Source data START

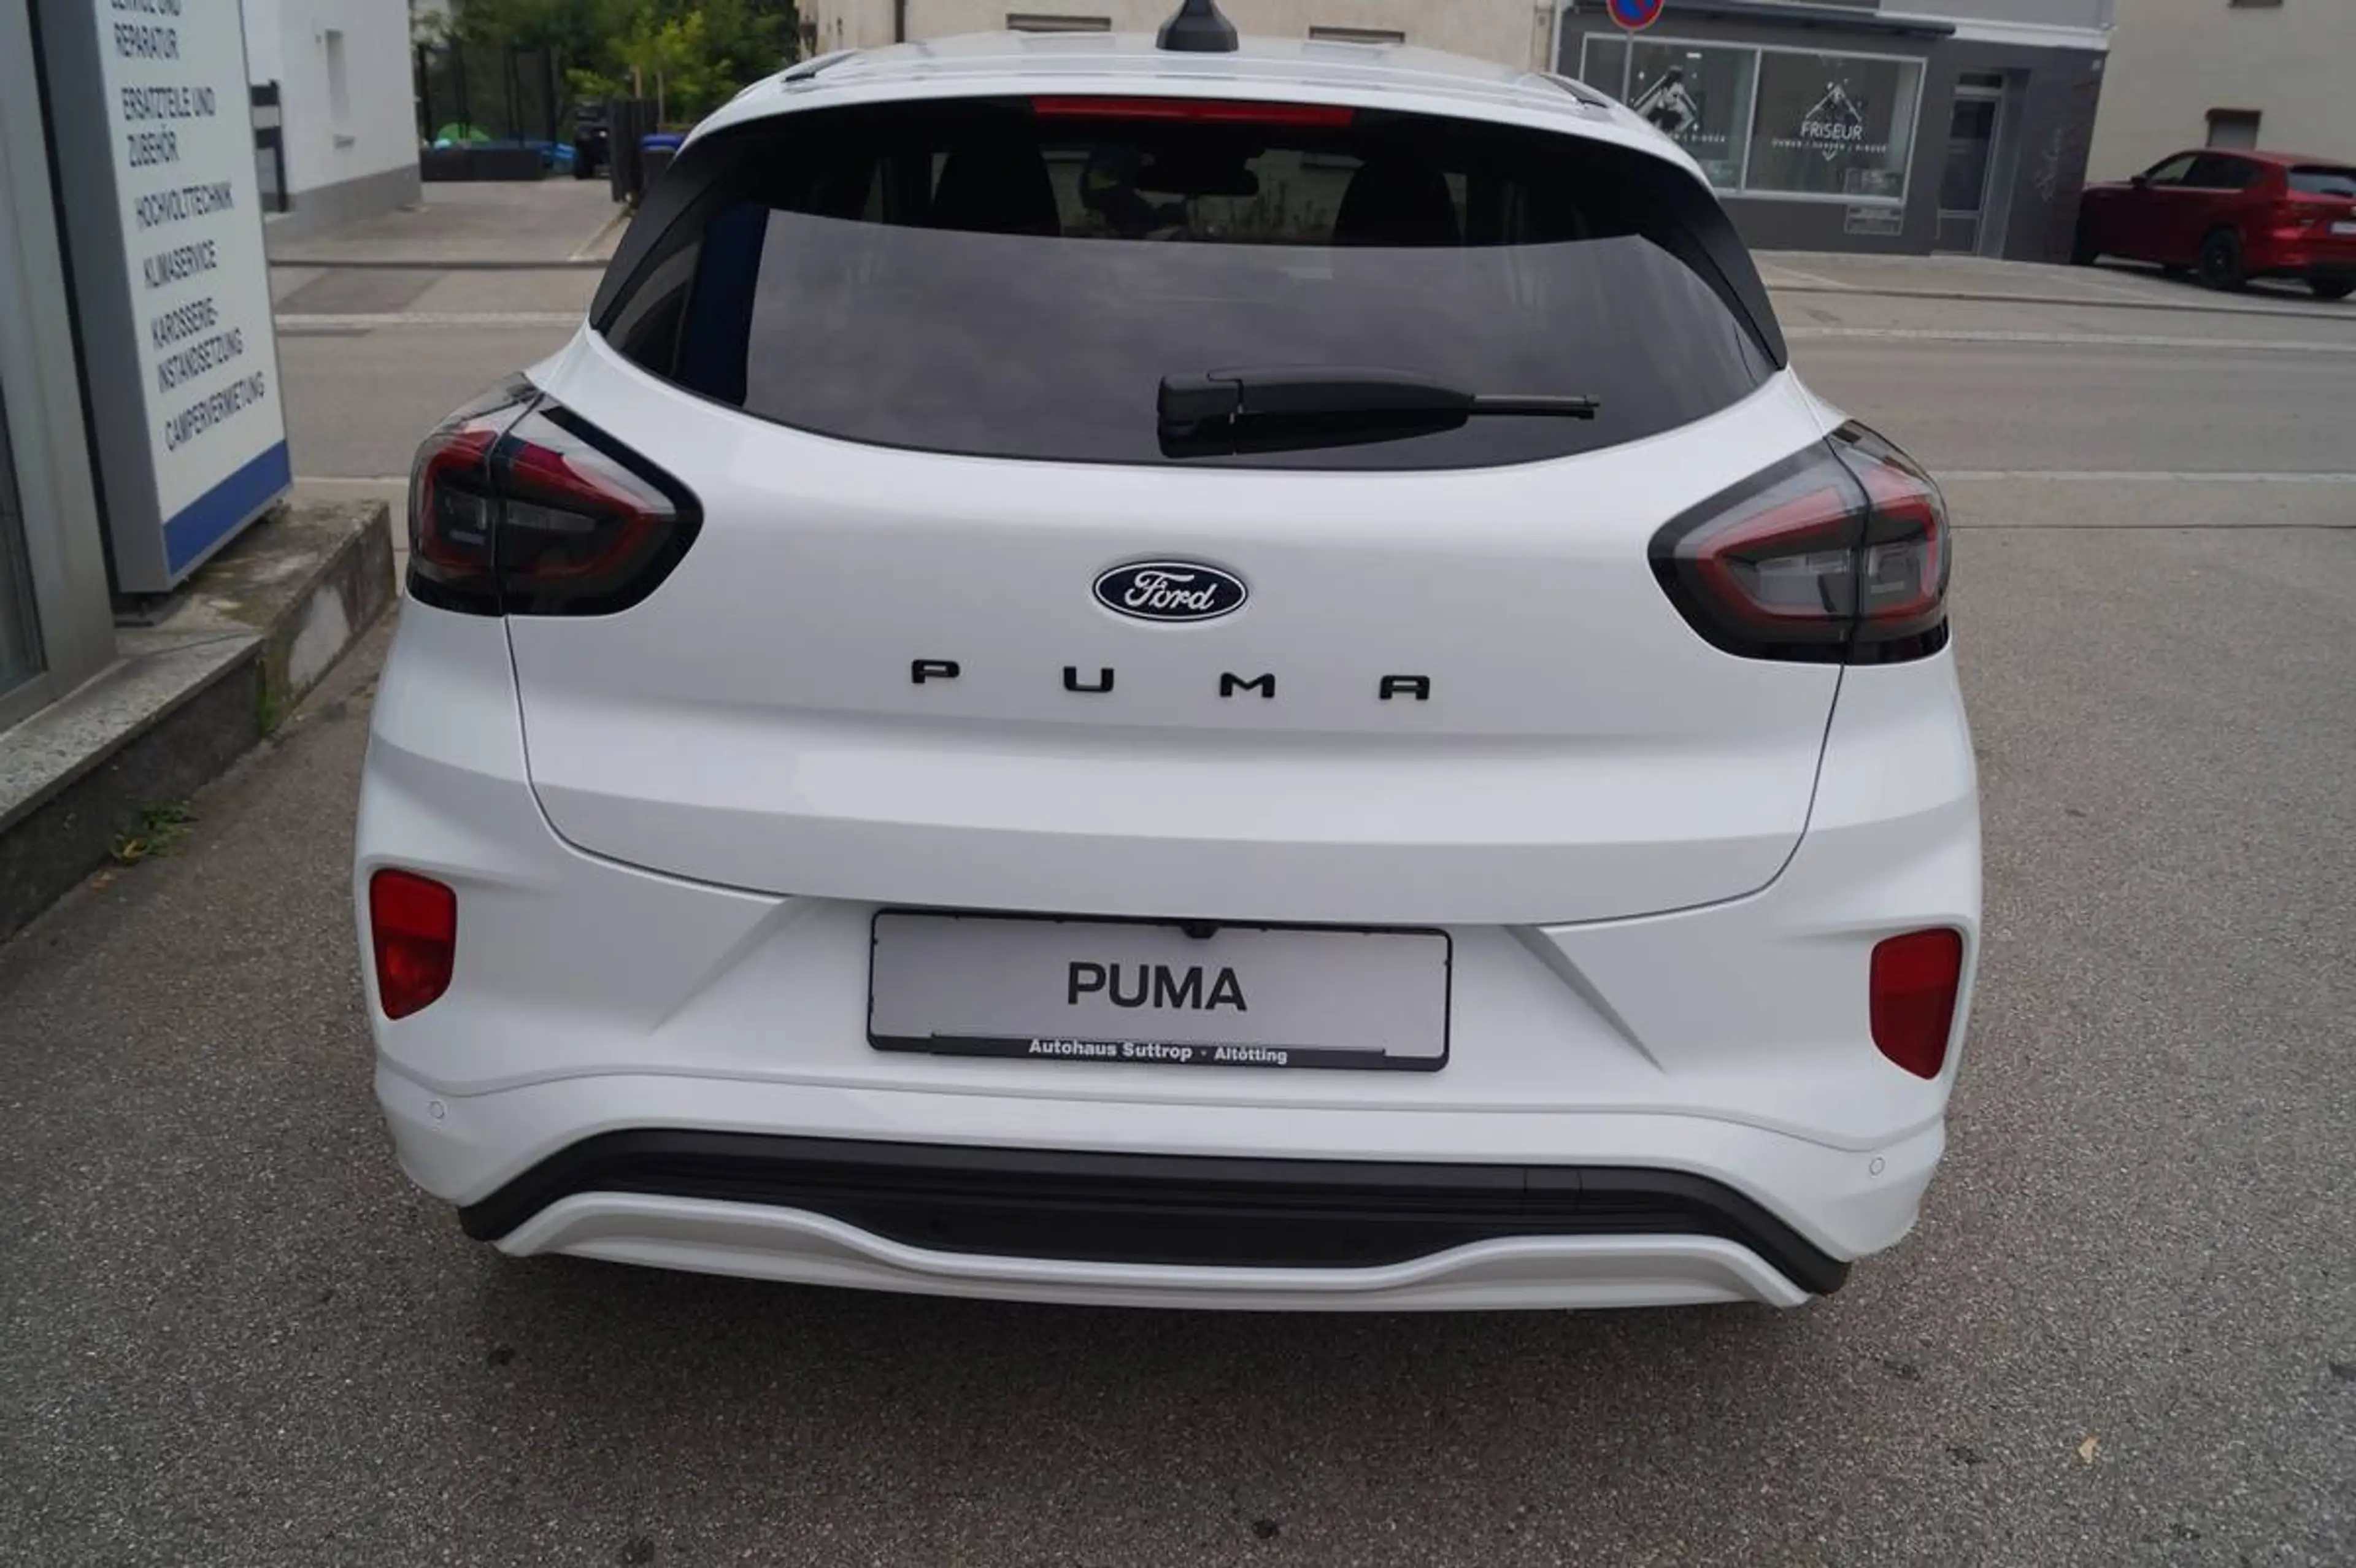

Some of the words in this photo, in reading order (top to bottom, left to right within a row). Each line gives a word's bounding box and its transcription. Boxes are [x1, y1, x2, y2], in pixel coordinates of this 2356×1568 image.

[114, 23, 180, 60] REPARATUR
[121, 87, 191, 120] ERSATZTEILE
[192, 87, 215, 117] UND
[128, 125, 179, 167] ZUBEHÖR
[1800, 121, 1863, 140] FRISEUR
[135, 182, 234, 231] HOCHVOLTTECHNIK
[144, 239, 217, 289] KLIMASERVICE
[158, 326, 244, 393] INSTANDSETZUNG
[165, 371, 264, 451] CAMPERVERMIETUNG
[1125, 571, 1218, 610] Ford
[912, 659, 1430, 701] PUMA
[1068, 961, 1247, 1012] PUMA
[1029, 1039, 1117, 1056] Autohaus
[1122, 1042, 1193, 1062] Suttrop
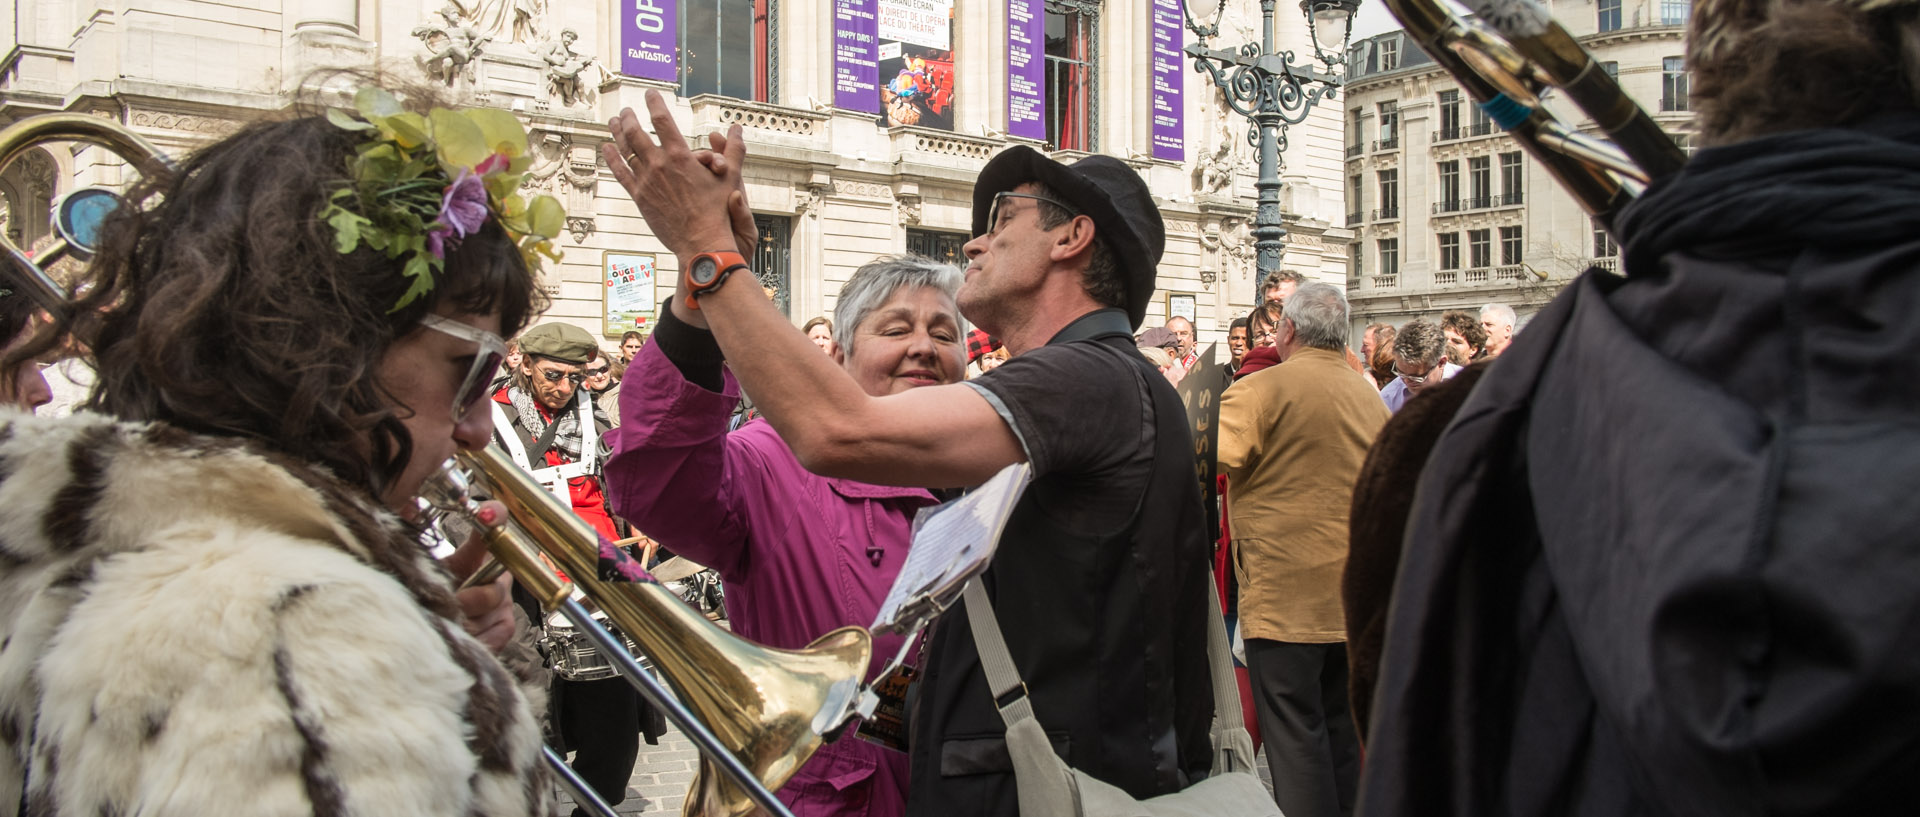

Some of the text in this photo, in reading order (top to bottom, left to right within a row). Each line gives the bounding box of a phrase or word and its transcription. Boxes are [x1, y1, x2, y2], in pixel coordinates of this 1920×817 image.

[885, 7, 908, 19] DIRECT
[910, 11, 918, 22] DE
[879, 16, 896, 28] LACE
[897, 20, 907, 30] DU
[838, 29, 856, 40] HAPPY
[856, 32, 870, 43] DAYS
[628, 48, 672, 63] FANTASTIC
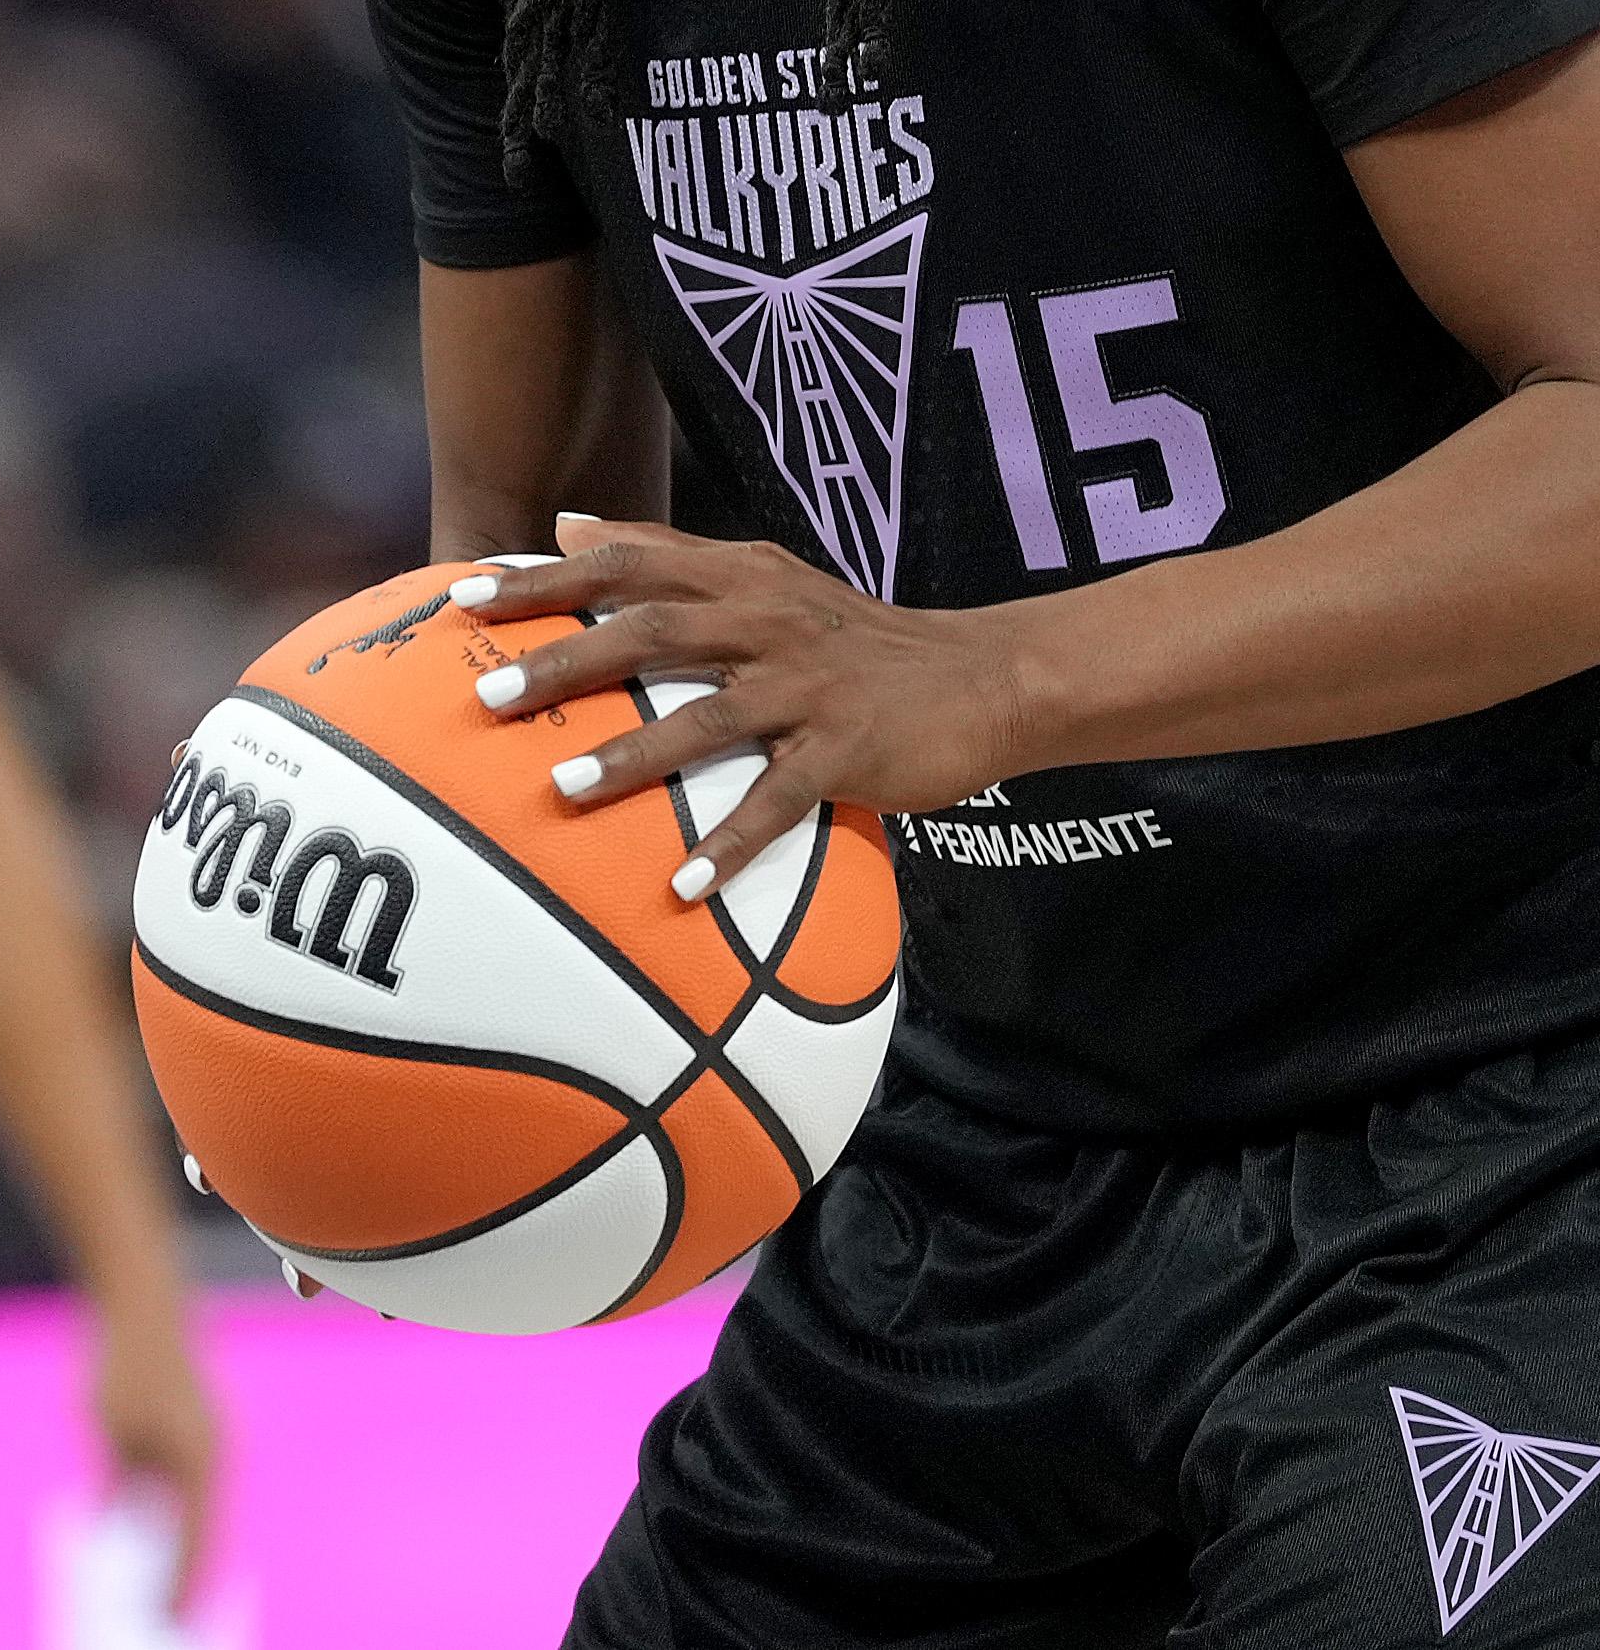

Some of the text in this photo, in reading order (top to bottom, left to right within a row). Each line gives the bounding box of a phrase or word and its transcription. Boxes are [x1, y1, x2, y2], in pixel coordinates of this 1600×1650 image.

Source data END

(Description of the task): Repeat each entry above exactly, passing over any images.

(Answer to this problem):
Some of the words in this photo, in reading order (top to bottom, left to right within a row). Each line gives a word's bounding box and its transcription. Boxes are [x1, y1, x2, y2], in pixel coordinates of this 2356×1568 image.

[114, 23, 180, 60] REPARATUR
[121, 87, 191, 120] ERSATZTEILE
[192, 87, 215, 117] UND
[128, 125, 179, 167] ZUBEHÖR
[1800, 121, 1863, 140] FRISEUR
[135, 182, 234, 231] HOCHVOLTTECHNIK
[144, 239, 217, 289] KLIMASERVICE
[158, 326, 244, 393] INSTANDSETZUNG
[165, 371, 264, 451] CAMPERVERMIETUNG
[1125, 571, 1218, 610] Ford
[912, 659, 1430, 701] PUMA
[1068, 961, 1247, 1012] PUMA
[1029, 1039, 1117, 1056] Autohaus
[1122, 1042, 1193, 1062] Suttrop

Some of the text in this photo, in reading order (top to bottom, left to right within a row). Each line gives the bounding box of a phrase or word and its transcription. Boxes are [x1, y1, x2, y2], in pixel coordinates of this 1920×817 image.

[885, 7, 908, 19] DIRECT
[910, 11, 918, 22] DE
[879, 16, 896, 28] LACE
[897, 20, 907, 30] DU
[838, 29, 856, 40] HAPPY
[856, 32, 870, 43] DAYS
[628, 48, 672, 63] FANTASTIC

Some of the text in this photo, in reading order (top to bottom, left to right within a row). Each line gives the bounding box of a phrase or word and its transcription. Boxes are [x1, y1, x2, y2], in pixel coordinates of this 1600×1650 image.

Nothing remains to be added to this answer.